Lady Florence Dixie actively rejected a life of maternal domesticity; “It is all very well to declare that it is a woman’s business to bear children, to bring them up, to attend to household matters and leave the rest to men”, but some women, she argued, sought a different sort of life. [1] So, having fulfilled her duty to marry and bear children [2], Dixie left England to travel around south America, indulging her passion for adventure (specifically, her love of hunting and eating wild game!).

On her return from South America, Dixie was the first woman ever appointed as a field correspondent for the Morning Post (later the Daily Telegraph). She reported on the first Boer War and, later, moved with her family to Cape Town in order to investigate the aftermath of the Anglo-Zulu war.

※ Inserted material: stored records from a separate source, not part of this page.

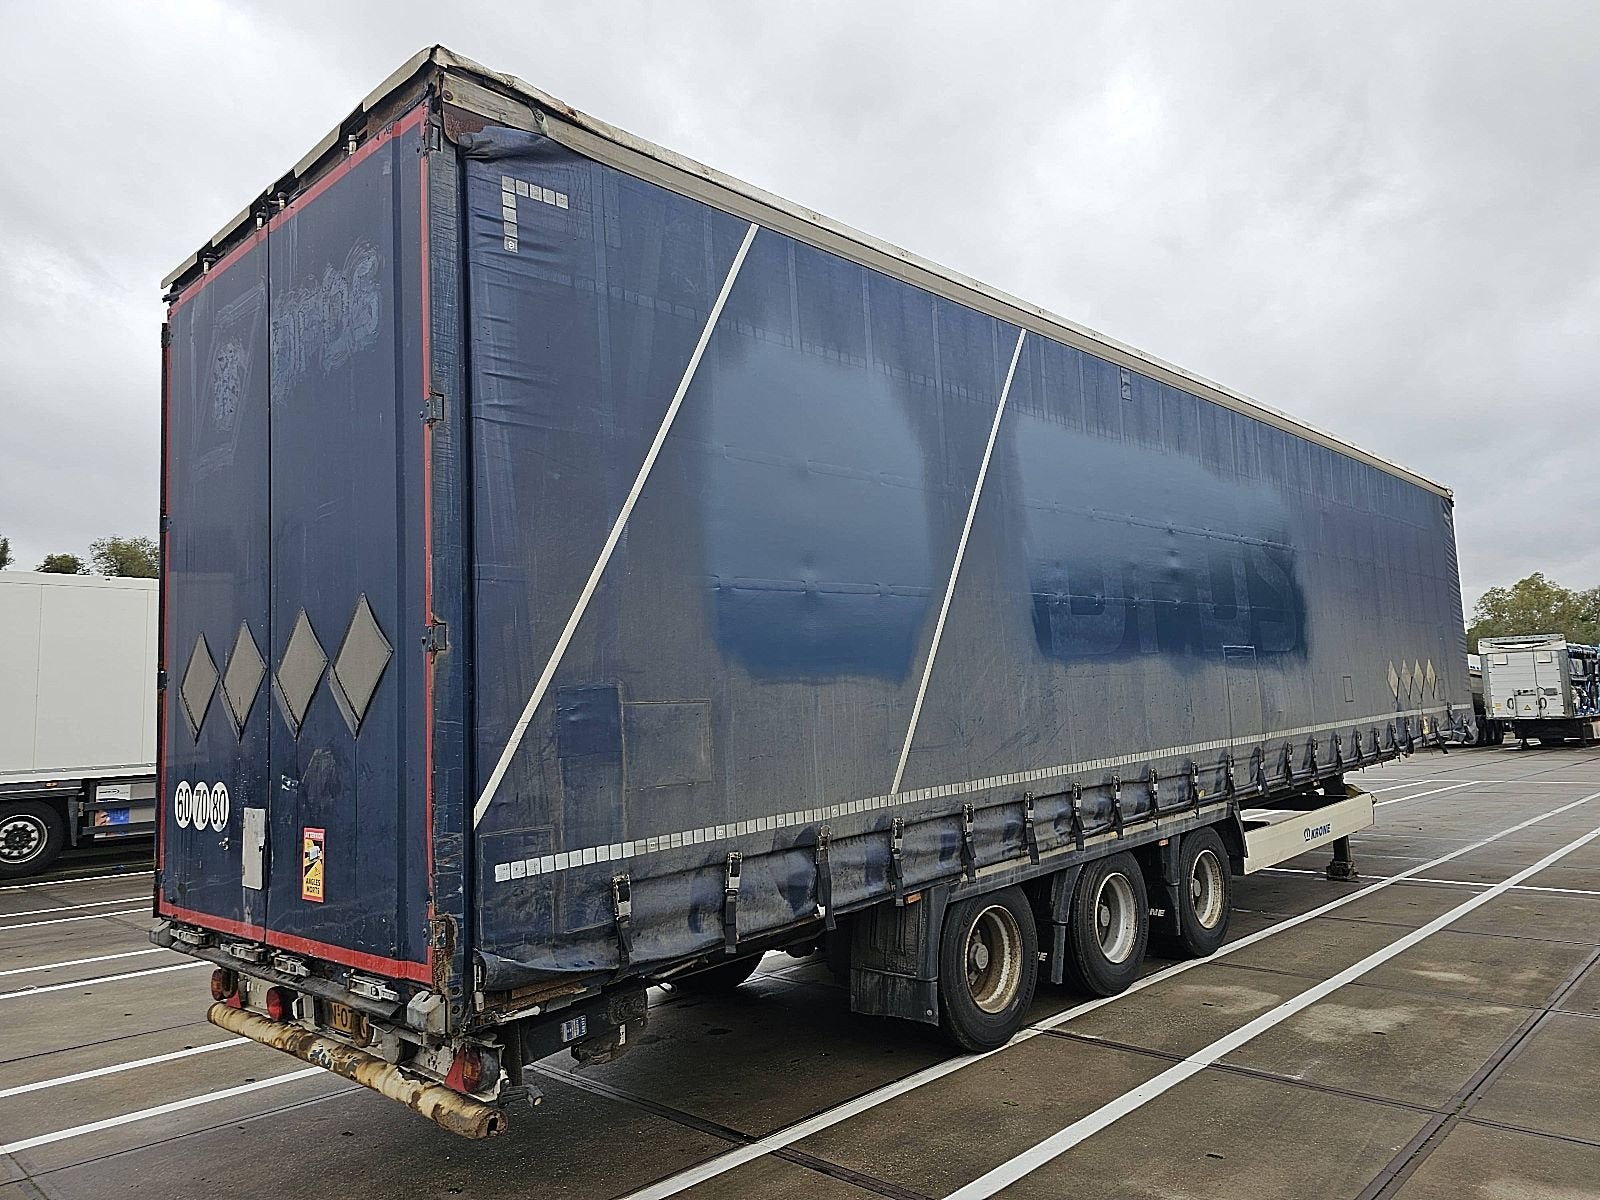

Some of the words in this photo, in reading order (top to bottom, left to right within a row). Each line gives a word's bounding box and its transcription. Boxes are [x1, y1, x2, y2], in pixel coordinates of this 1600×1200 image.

[177, 788, 190, 822] 60
[195, 789, 208, 824] 70
[212, 789, 226, 826] 80
[1310, 823, 1331, 840] KRONE
[305, 877, 321, 887] ANGLES

As well as a traveller, hunter, writer and journalist, Dixie was also a keen political activist. She was a vociferous promoter of Irish home rule and women’s rights, endorsing votes for women and equality in marriage and divorce.  Like many of her feminist contemporaries, Dixie was also an active member of the Rational Dress movement, which promoted practical and comfortable clothing for men and women alike (most famously the unisex ‘Bloomer Suit’, pictured). She also played an instrumental part in establishing women’s football and, in 1895, was elected president of the British Ladies’ Football Club.

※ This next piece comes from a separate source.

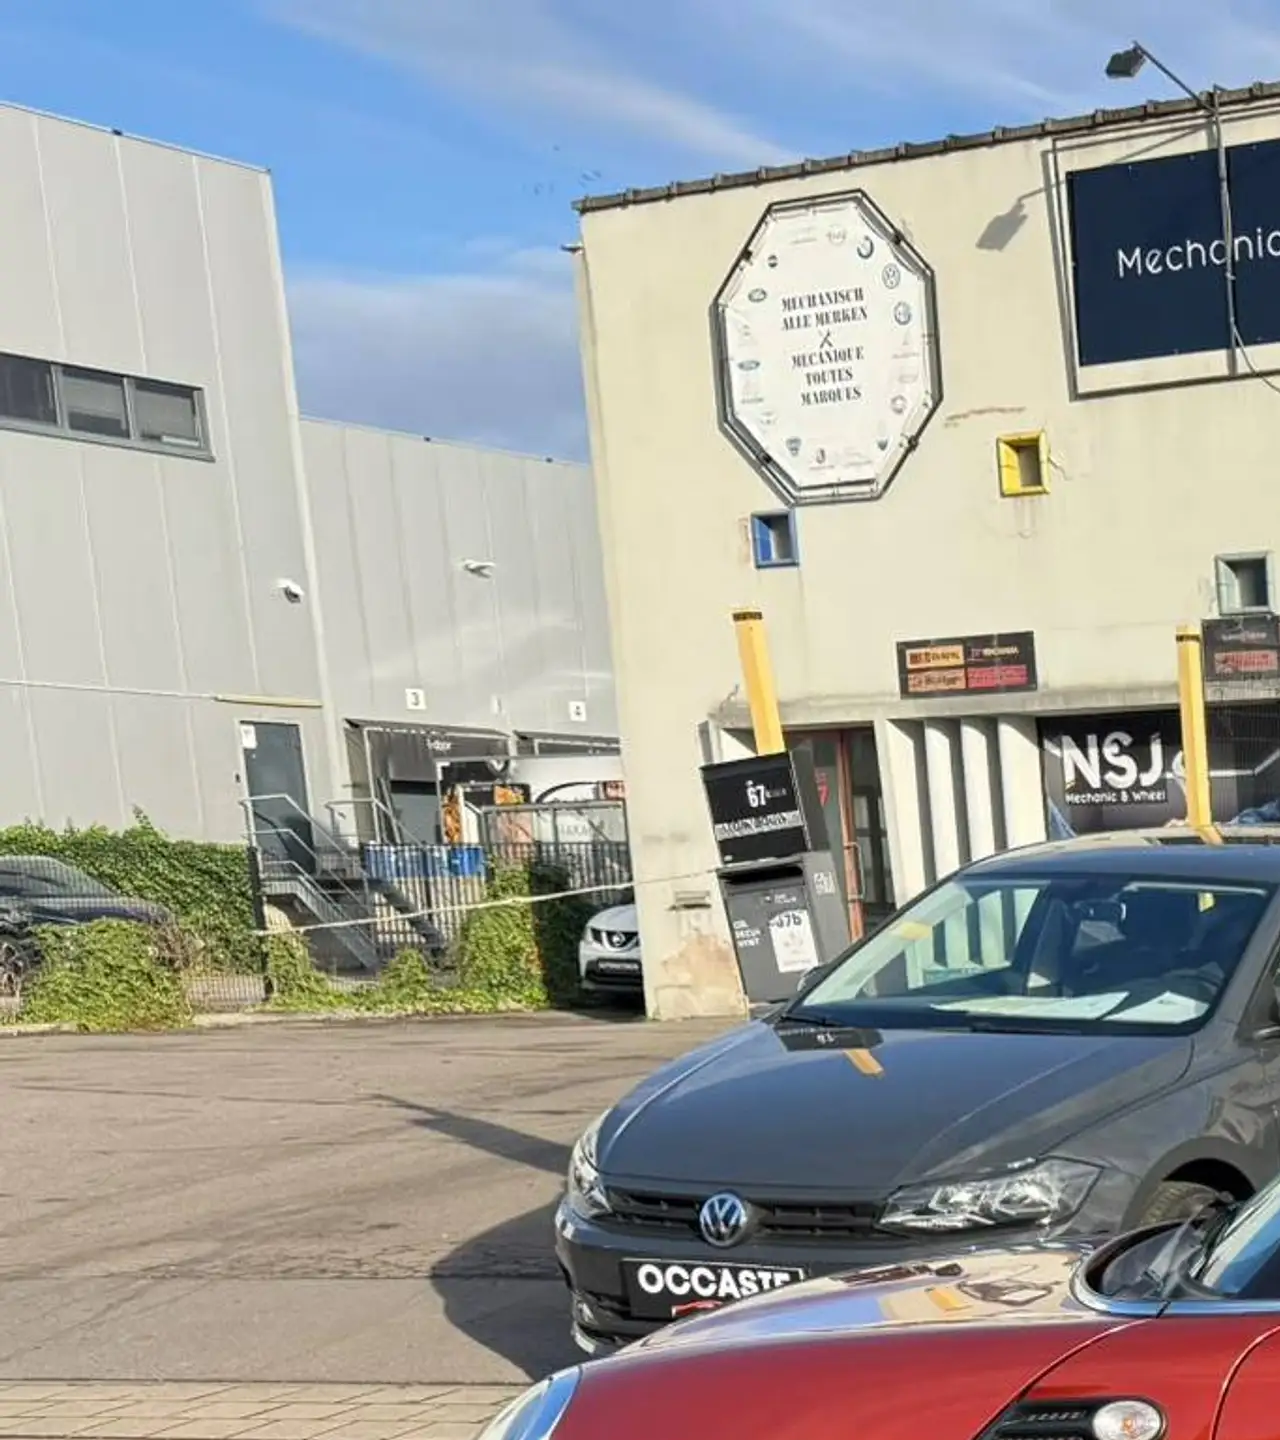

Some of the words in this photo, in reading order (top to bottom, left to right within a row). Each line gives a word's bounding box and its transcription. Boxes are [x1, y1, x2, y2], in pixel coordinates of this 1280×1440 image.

In 1890, Dixie published perhaps her most well-known work, Gloriana. A utopian feminist novel, Gloriana invoked a fantasy world in which men and women lived as equals. For Dixie, women’s lack of access to education, their lack of political power and the expectation that they dedicate their lives exclusively to child-rearing and house-keeping was, “arbitrary and cruel, and false to Nature”.

It is perhaps striking that even today Dixie’s life remains remarkable for its peculiarity and variety. Educated, politically informed and backed by supportive familial and institutional structures, Dixie was able successfully to balance her multiple responsibilities as a wife, mother, writer, poet, journalist, traveller, political activist and amateur Naturalist.

[1] F. Dixie cited in M. Anderson, Women and the Politics of Travel (FDU Press, 2006), pp. 122 – 123.

[2] Dixie married Sir Alexander Beaumont Churchill Dixie in 1875 had two sons, George and Albert, born in 1876 and 1878 respectively.